Tutorial 11: Reduced Amino Acid Alphabets

This tutorial demonstrates how to convert amino acid sequences to reduced alphabets based on physicochemical properties. Reduced alphabets simplify protein sequences by grouping similar amino acids together, which can improve computational efficiency and reduce noise in machine learning applications.

Learning Objectives

By the end of this tutorial, you will understand:

  • What reduced amino acid alphabets are and why they are useful
  • How to convert protein sequences to different reduction schemes
  • The differences between various reduction strategies
  • Applications of reduced alphabets in sequence analysis

Background

The standard genetic code uses 20 amino acids, each with distinct physicochemical properties. However, for many computational analyses, this diversity can introduce noise and computational complexity. Reduced amino acid alphabets group similar amino acids based on properties like:

  • Hydrophobicity: How water-repelling or water-attracting an amino acid is
  • Charge: Positive, negative, or neutral electrical charge
  • Size: Physical size of the amino acid side chain
  • Aromaticity: Presence of aromatic rings in the structure
  • Structure: Special properties like flexibility (Gly) or rigidity (Pro)
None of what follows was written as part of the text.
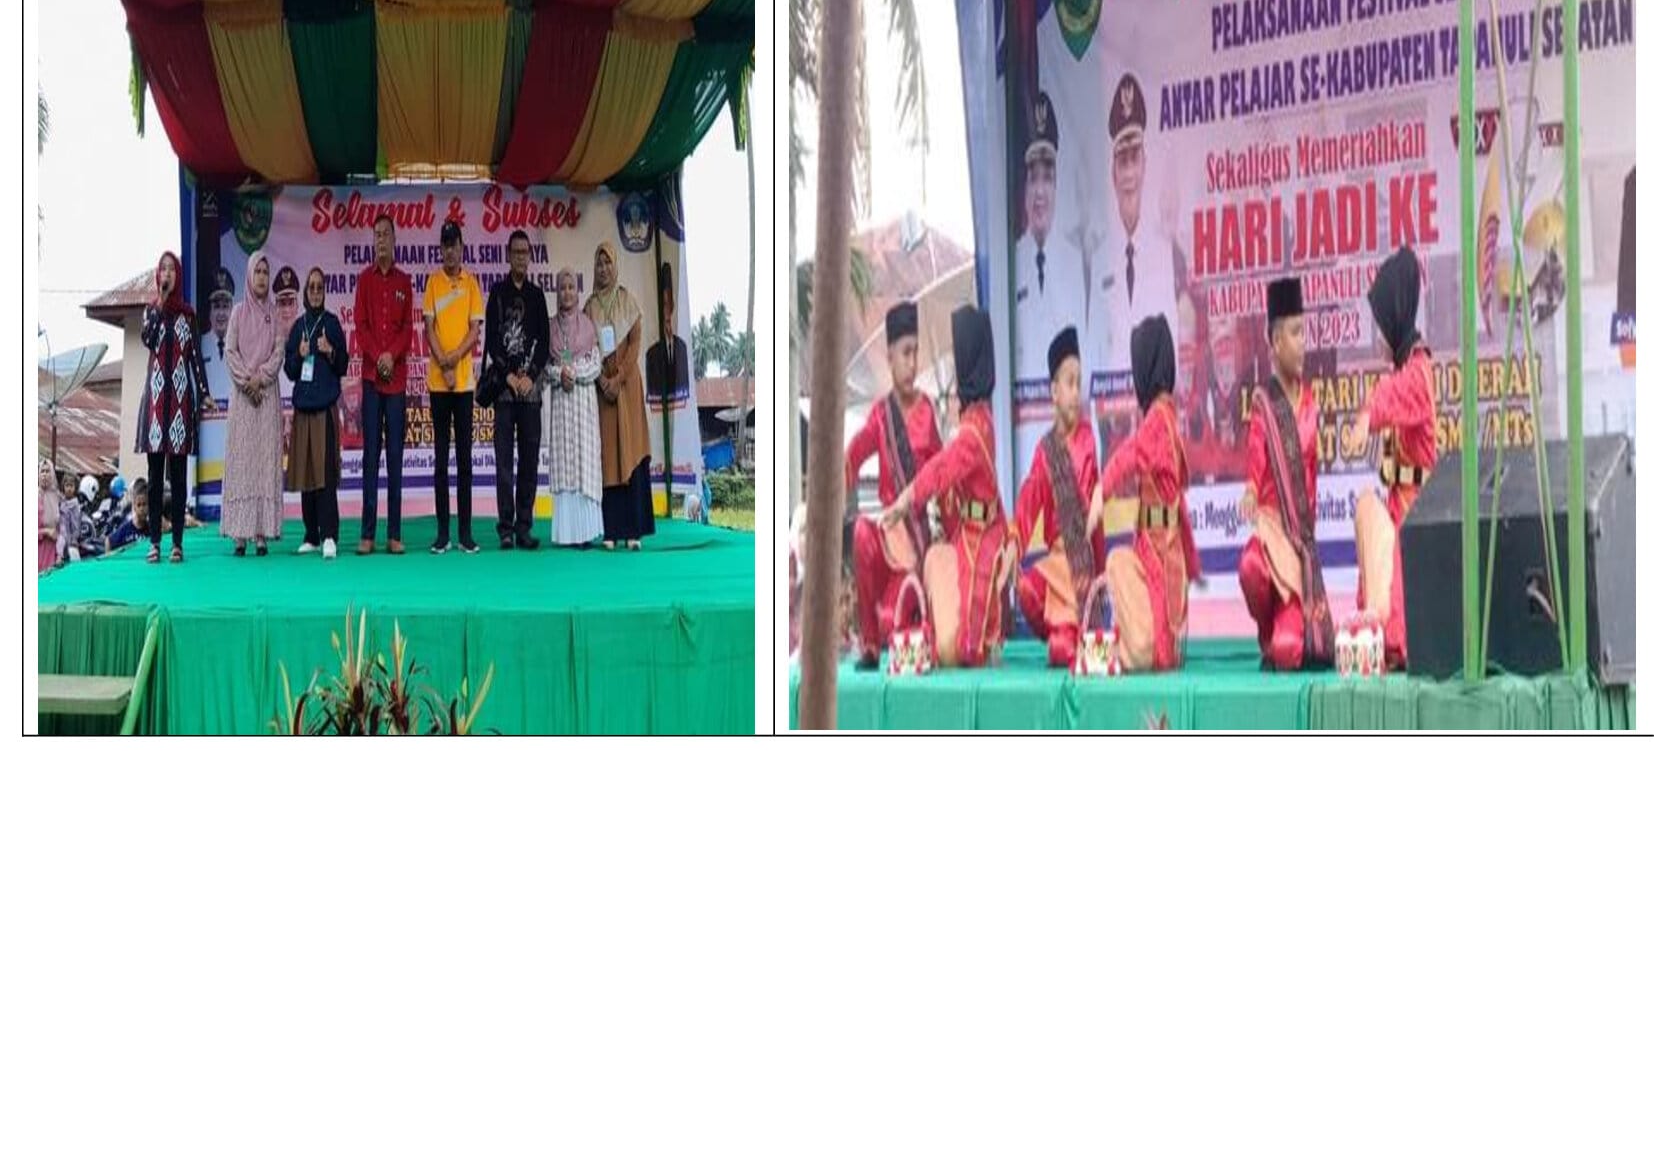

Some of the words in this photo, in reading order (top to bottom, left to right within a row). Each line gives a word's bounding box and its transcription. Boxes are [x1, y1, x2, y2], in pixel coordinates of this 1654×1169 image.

Research has shown that reduced alphabets can:

  • Improve protein fold recognition
  • Reduce noise in machine learning models
  • Speed up sequence comparisons
  • Simplify pattern discovery in protein sequences

Setup

import Pkg
if isinteractive()
    Pkg.activate("..")
end

import Test
import Mycelia
import BioSequences
import Statistics

Part 1: Basic Conversion

Let's start with a simple example using a fragment of human insulin A chain.

# Example protein sequence (fragment of human insulin A chain)
insulin_sequence = BioSequences.LongAA("GIVEQCCTSICSLYQLENYCN")
println("Original sequence: ", insulin_sequence)
println("Length: ", length(insulin_sequence))
println()

Part 2: Exploring Available Schemes

Mycelia provides six well-established reduction schemes from the literature. Let's list them all:

println("Available reduction schemes:")
for scheme in Mycelia.list_reduced_alphabets()
    info = Mycelia.get_reduced_alphabet_info(scheme)
    println("  $scheme ($(info[:classes]) classes): $(info[:name])")
end
println()

Part 3: Binary Hydrophobic-Polar (HP2)

The simplest reduction divides amino acids into just two classes:

  • H (Hydrophobic): Water-repelling amino acids (A, C, F, I, L, M, V, W)
  • P (Polar): Water-attracting amino acids (G, T, S, Y, P, N, D, E, Q, K, R, H)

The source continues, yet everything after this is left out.